(Beginning of Data provided)
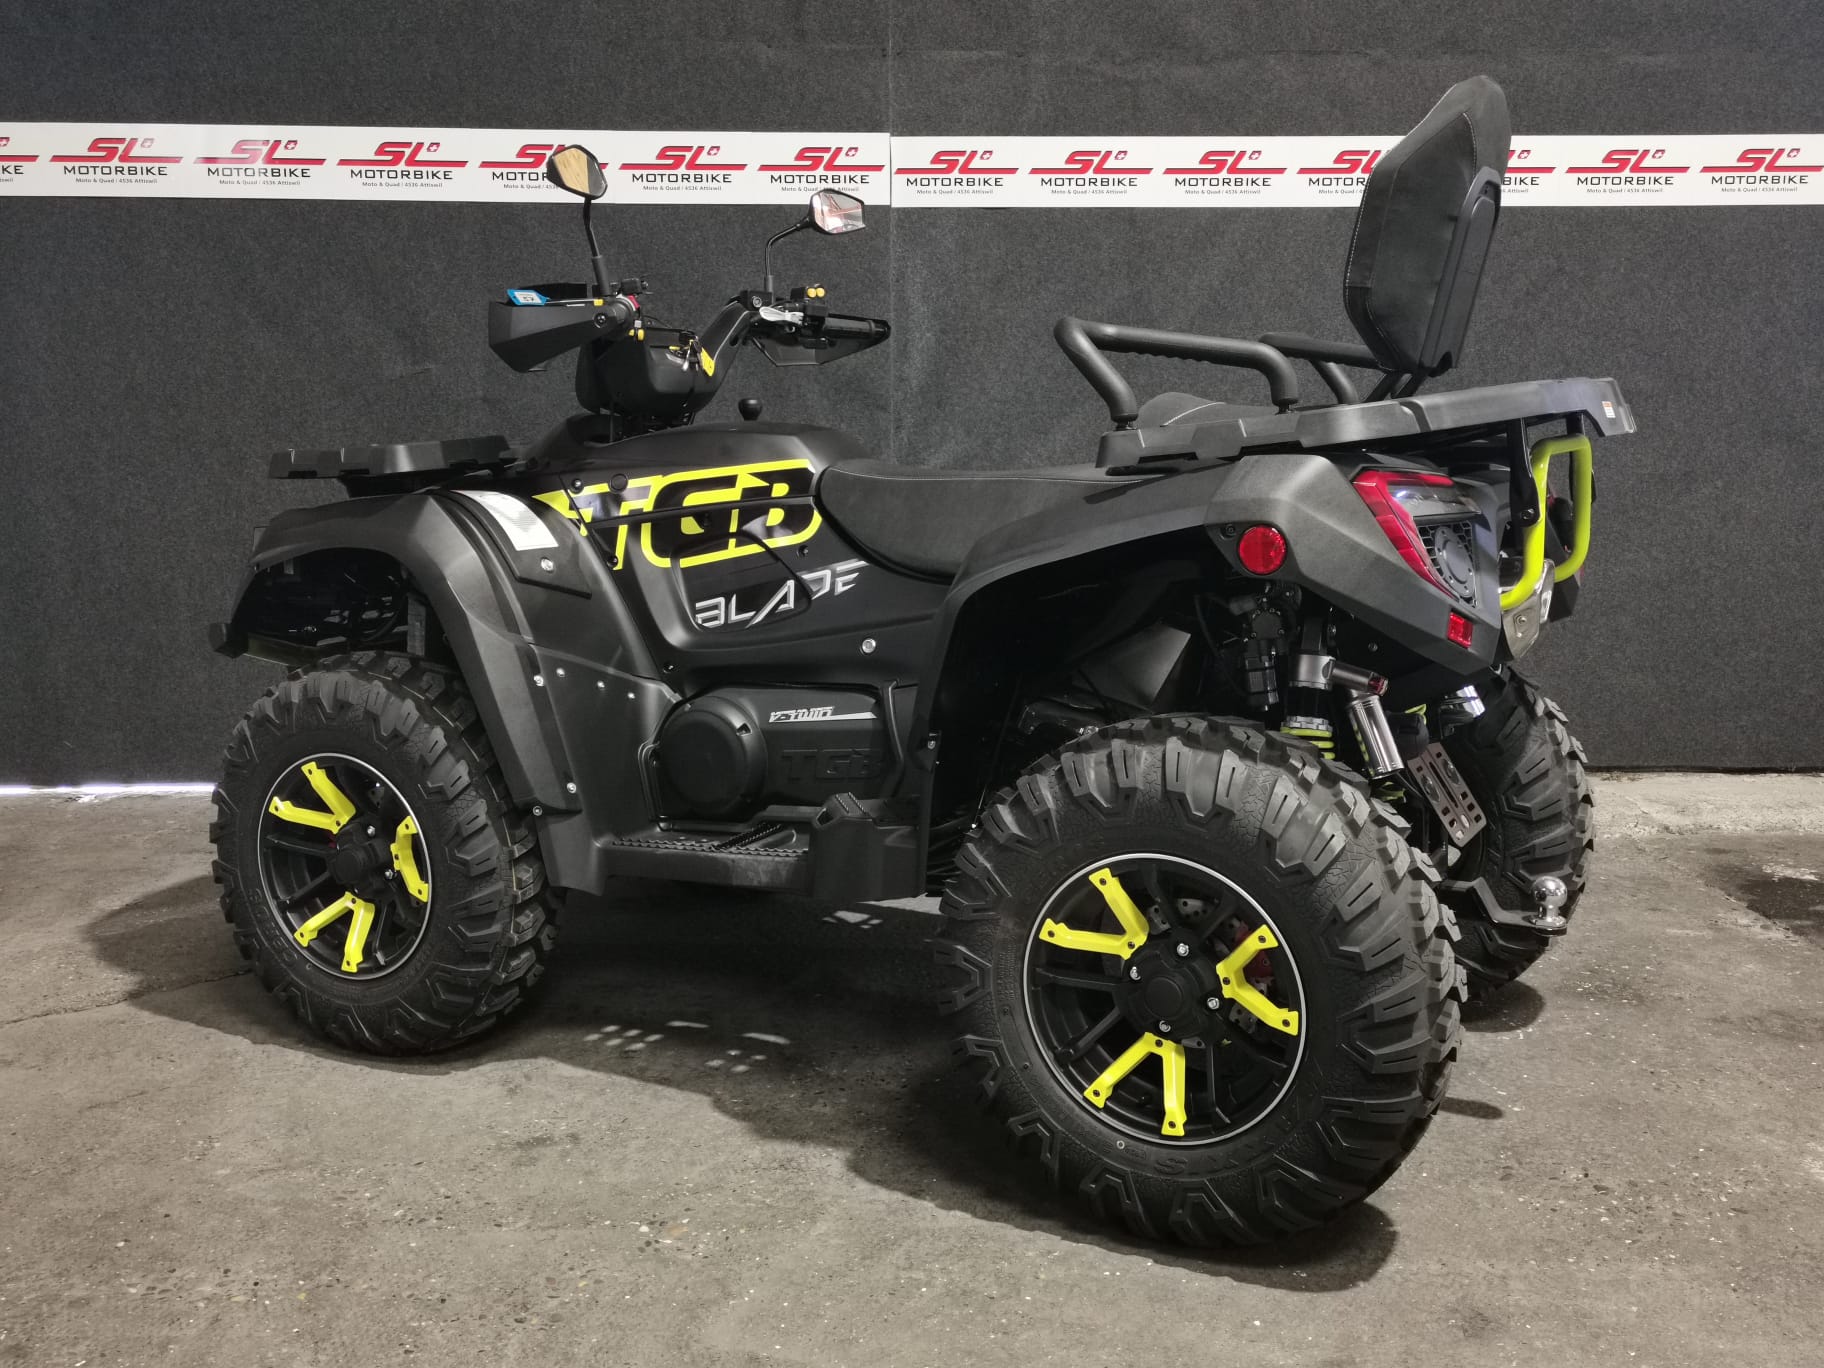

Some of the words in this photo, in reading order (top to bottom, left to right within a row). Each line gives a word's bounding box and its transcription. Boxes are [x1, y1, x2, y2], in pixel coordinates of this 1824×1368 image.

[64, 166, 168, 175] MOTORBIKE
[208, 168, 310, 177] MOTORBIKE
[351, 169, 453, 179] MOTORBIKE
[632, 174, 732, 183] MOTORBIKE
[771, 175, 870, 183] MOTORBIKE
[907, 178, 1003, 186] MOTORBIKE
[1041, 178, 1138, 186] MOTORBIKE
[1175, 178, 1271, 186] MOTORBIKE
[1577, 177, 1674, 185] MOTORBIKE
[1712, 175, 1808, 184] MOTORBIKE
[695, 559, 870, 628] BLADE
(End of Data provided)
Assignment
Repeat all the records above exactly, leaving out any pictures.

Task response
Some of the words in this photo, in reading order (top to bottom, left to right within a row). Each line gives a word's bounding box and its transcription. Boxes are [x1, y1, x2, y2], in pixel coordinates of this 1824×1368 image.

[64, 166, 168, 175] MOTORBIKE
[208, 168, 310, 177] MOTORBIKE
[351, 169, 453, 179] MOTORBIKE
[632, 174, 732, 183] MOTORBIKE
[771, 175, 870, 183] MOTORBIKE
[907, 178, 1003, 186] MOTORBIKE
[1041, 178, 1138, 186] MOTORBIKE
[1175, 178, 1271, 186] MOTORBIKE
[1577, 177, 1674, 185] MOTORBIKE
[1712, 175, 1808, 184] MOTORBIKE
[695, 559, 870, 628] BLADE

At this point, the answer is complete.